In life, timing is everything! Never truer than when determining how to set up your condominium association or HOA accounting program. Knowing how and why to set up your association’s accounting methodology is critical to your association’s overall financial planning and reporting. This article will explore the differences between Cash Basis accounting, Accrual accounting, and Modified accounting.

The Cash Basis method of accounting is a recognition of revenue and expenses, while the Accrual method focuses on anticipated revenue and expenses. The Modified method of accounting is a hybrid of sorts that draws from both Cash Basis accounting and Accrual accounting. All three have their place in HOA Bookkeeping and Accounting. Which one is right for you?

The key advantage of the Cash Basis method is its simplicity. It accounts for expenses when payments are issued and revenue when cash is received for assessments or other income. It does not reflect any monies that are due to the HOA, or any outstanding invoices for expenses that have been incurred.  It also does not take into account any prepaid expenses (such as annual insurance premium payments) which are reflected as an expense in the month the payment was made.  It does not comply with Generally Accepted Accounting Principles (GAAP), which outline what procedures companies, including condominiums and HOAs, must follow when preparing their officially reported financial statements.

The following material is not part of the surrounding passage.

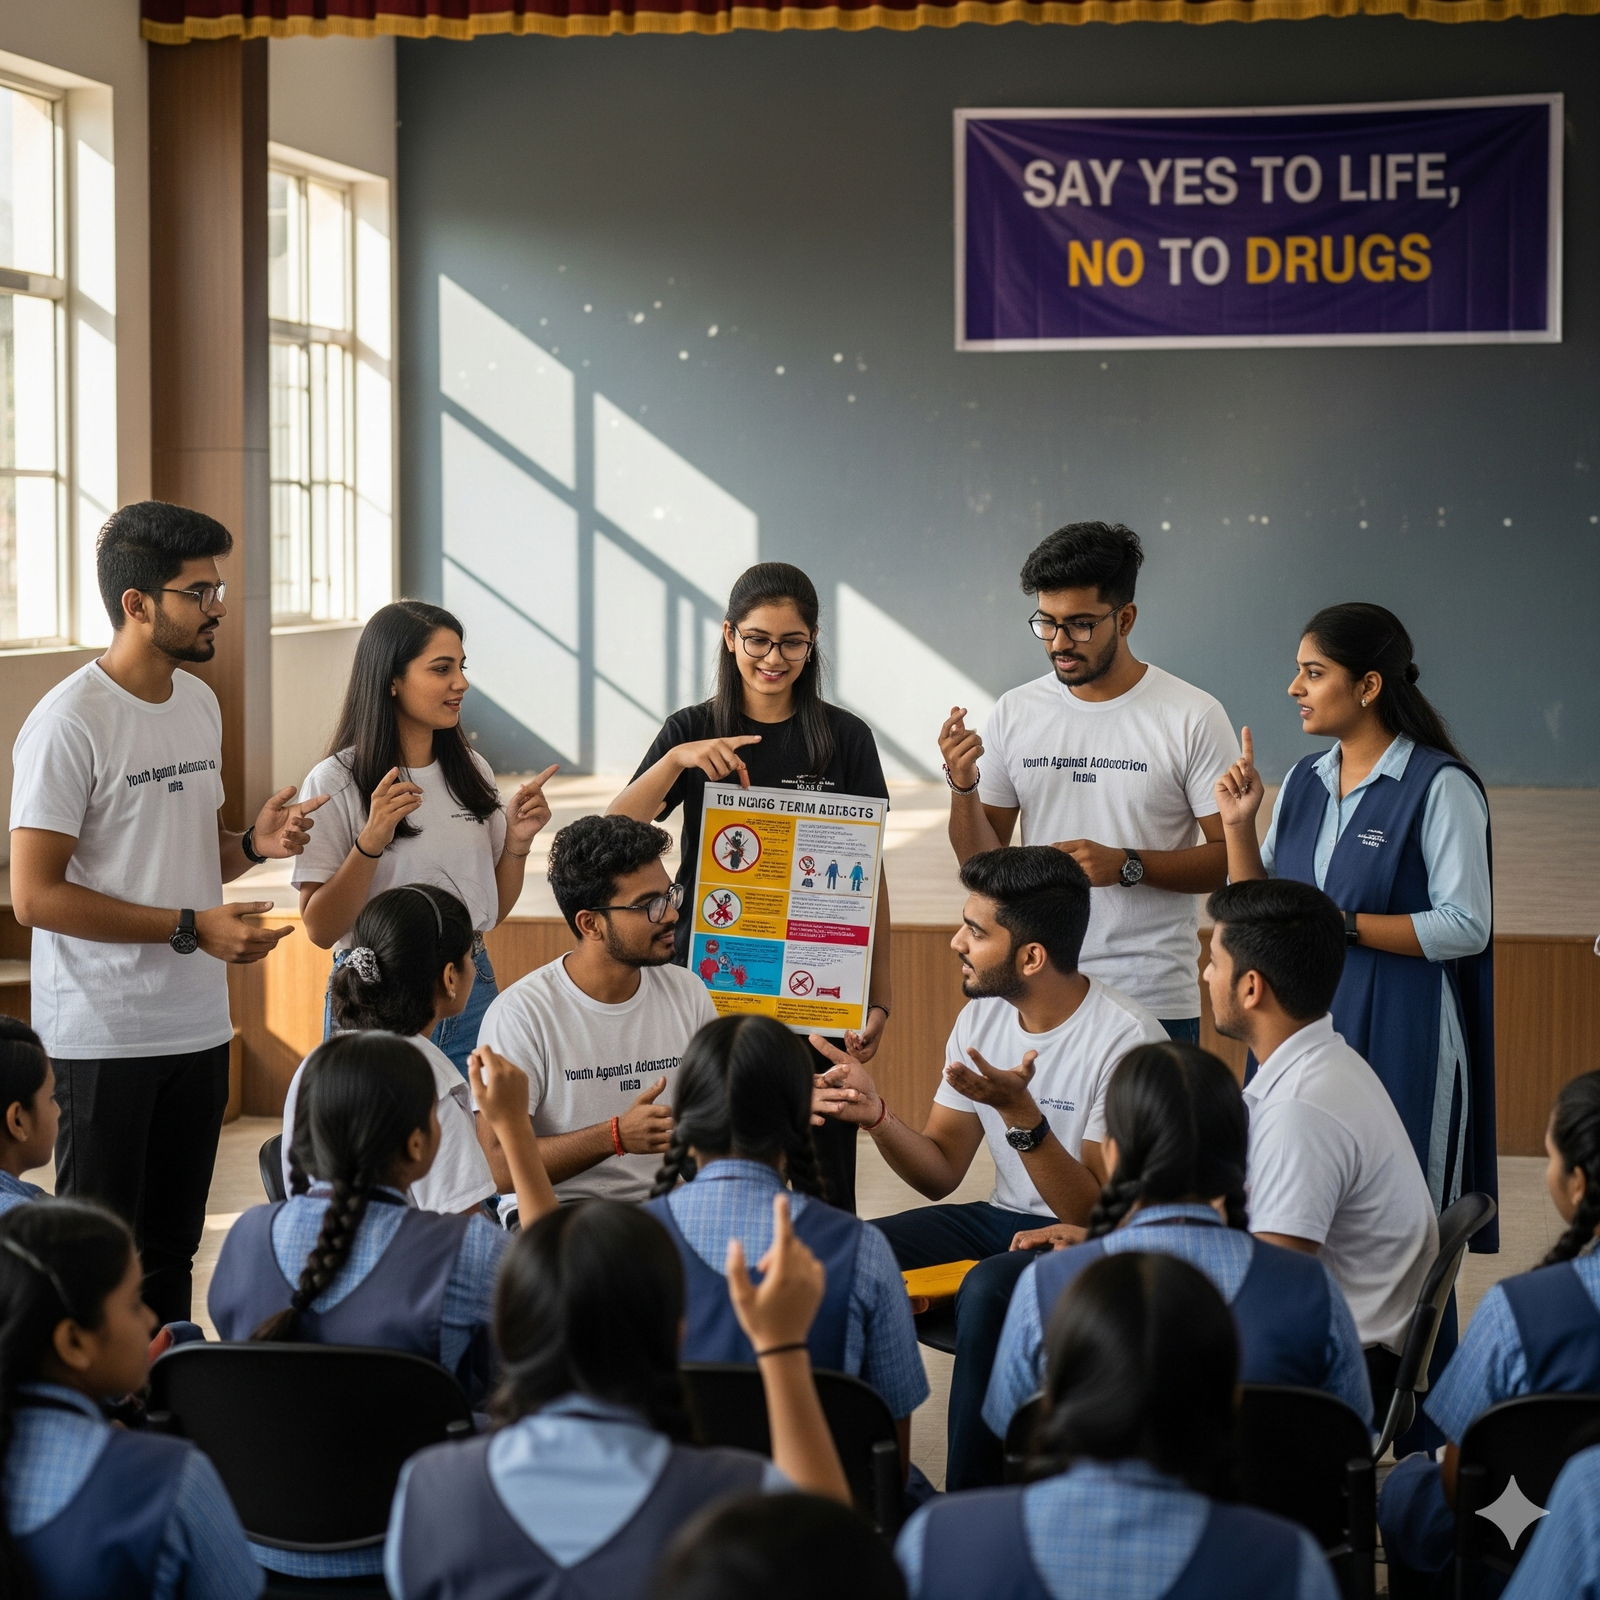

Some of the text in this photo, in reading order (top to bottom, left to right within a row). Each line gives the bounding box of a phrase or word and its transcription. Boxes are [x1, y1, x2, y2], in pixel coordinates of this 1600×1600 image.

[1023, 153, 1461, 208] SAY YES TO LIFE,
[1068, 233, 1433, 287] NO TO DRUGS

The key advantage of the Accrual method is that it includes accounts receivables (monies owed to the HOA) and payables (monies the HOA owes) which produces a more accurate picture of the finances of the association. This is because the accrual method records income when it is charged/billed (not when it is received) and expenses when they are incurred. Some like the way this method flatten out the highs and lows that the cash method can create.  The accrual method also makes it easier to create a future year budget. The disadvantage of the Accrual method is that it is more difficult to track cash flow and, as a result, might not account for a short-term cash shortage even though the association is fine in the long term.  Accrual is the only method that is GAAP approved and it is a requirement for California communities. It also helps accounting staff be certain that owner balances are accurate as they are tied to the accounts receivables and prepaid assessments on the monthly financials.  It is generally the method we recommend.

The Modified method of accounting is a hybrid of Cash Basis and Accrual accounting. Borrowing elements from both techniques, the Modified method can better balance short-term and long-term accounting items. Short-term items, like a regular monthly utility expense, are recorded according to the cash basis, which results in a monthly income statement populated mostly with items based on the cash basis. Long-term items that do not change within a given financial year are recorded using the accrual basis. However, it is important to note that the Modified method is only used for internal purposes. It does not comply with Generally Accepted Accounting Principles (GAAP), which outline what procedures companies, including condominiums and HOAs, must follow when preparing their officially reported financial statements.  Since it is not GAAP compliant it can create additional work when it comes to audits and taxes which can cause higher costs for these activities.

Community Financials guides self-managed condominium associations and HOAs through these sometimes tricky and often confusing methods of accounting. Call us today to learn how we can help you navigate these choices to arrive at the perfect accounting and bookkeeping solution for your association.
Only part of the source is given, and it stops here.